● **Task brief**: Reproduce the entries shown below only from the line with "this 1334×1500 image." down to the line with "this 1536×1296 image.", keeping both end lines and copying each one exactly.

● **The records**:
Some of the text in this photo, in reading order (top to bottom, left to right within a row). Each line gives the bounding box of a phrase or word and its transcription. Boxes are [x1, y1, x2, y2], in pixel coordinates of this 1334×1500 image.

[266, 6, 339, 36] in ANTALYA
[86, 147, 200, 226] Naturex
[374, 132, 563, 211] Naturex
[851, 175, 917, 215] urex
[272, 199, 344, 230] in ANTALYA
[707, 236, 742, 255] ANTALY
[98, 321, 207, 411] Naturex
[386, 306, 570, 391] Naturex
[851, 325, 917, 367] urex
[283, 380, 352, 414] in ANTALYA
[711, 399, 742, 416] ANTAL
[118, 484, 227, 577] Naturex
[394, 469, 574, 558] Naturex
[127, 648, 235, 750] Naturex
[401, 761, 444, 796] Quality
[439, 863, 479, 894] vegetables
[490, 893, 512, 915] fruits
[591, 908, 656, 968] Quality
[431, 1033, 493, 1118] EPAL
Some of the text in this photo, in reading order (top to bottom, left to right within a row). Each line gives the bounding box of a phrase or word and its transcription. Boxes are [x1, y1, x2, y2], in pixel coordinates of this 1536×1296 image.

---

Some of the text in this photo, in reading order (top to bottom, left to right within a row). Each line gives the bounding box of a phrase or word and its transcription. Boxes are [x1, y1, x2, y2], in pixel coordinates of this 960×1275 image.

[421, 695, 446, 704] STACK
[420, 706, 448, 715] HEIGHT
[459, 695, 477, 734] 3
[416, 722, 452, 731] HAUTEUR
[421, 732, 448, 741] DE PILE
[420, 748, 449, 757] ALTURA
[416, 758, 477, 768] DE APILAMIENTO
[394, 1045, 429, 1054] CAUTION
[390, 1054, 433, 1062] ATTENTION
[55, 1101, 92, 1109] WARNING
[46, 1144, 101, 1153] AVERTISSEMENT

--

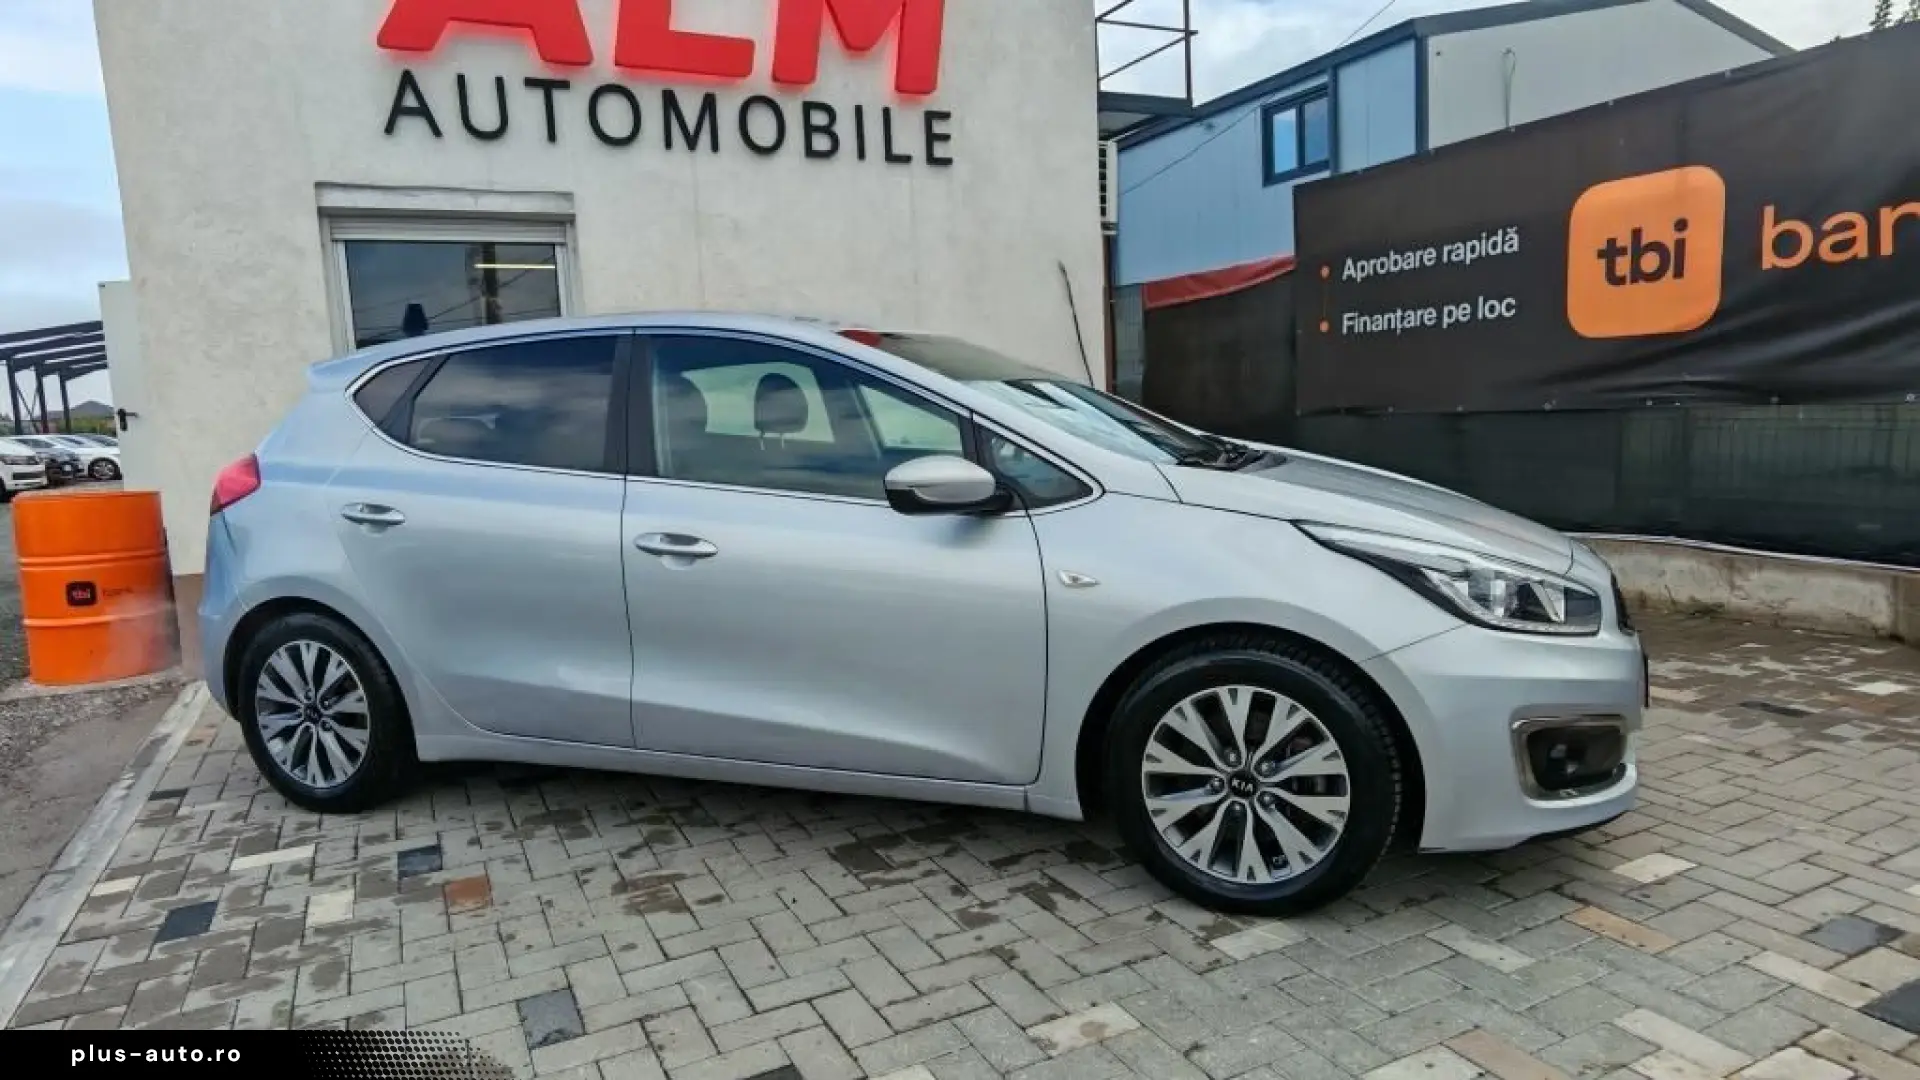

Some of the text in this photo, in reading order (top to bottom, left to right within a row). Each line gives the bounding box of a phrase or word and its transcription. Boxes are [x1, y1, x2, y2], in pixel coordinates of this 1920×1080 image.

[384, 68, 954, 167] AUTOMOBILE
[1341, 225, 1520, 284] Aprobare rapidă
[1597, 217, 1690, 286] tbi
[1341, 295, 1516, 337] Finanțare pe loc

● **Answer space**:
Some of the text in this photo, in reading order (top to bottom, left to right within a row). Each line gives the bounding box of a phrase or word and its transcription. Boxes are [x1, y1, x2, y2], in pixel coordinates of this 1334×1500 image.

[266, 6, 339, 36] in ANTALYA
[86, 147, 200, 226] Naturex
[374, 132, 563, 211] Naturex
[851, 175, 917, 215] urex
[272, 199, 344, 230] in ANTALYA
[707, 236, 742, 255] ANTALY
[98, 321, 207, 411] Naturex
[386, 306, 570, 391] Naturex
[851, 325, 917, 367] urex
[283, 380, 352, 414] in ANTALYA
[711, 399, 742, 416] ANTAL
[118, 484, 227, 577] Naturex
[394, 469, 574, 558] Naturex
[127, 648, 235, 750] Naturex
[401, 761, 444, 796] Quality
[439, 863, 479, 894] vegetables
[490, 893, 512, 915] fruits
[591, 908, 656, 968] Quality
[431, 1033, 493, 1118] EPAL
Some of the text in this photo, in reading order (top to bottom, left to right within a row). Each line gives the bounding box of a phrase or word and its transcription. Boxes are [x1, y1, x2, y2], in pixel coordinates of this 1536×1296 image.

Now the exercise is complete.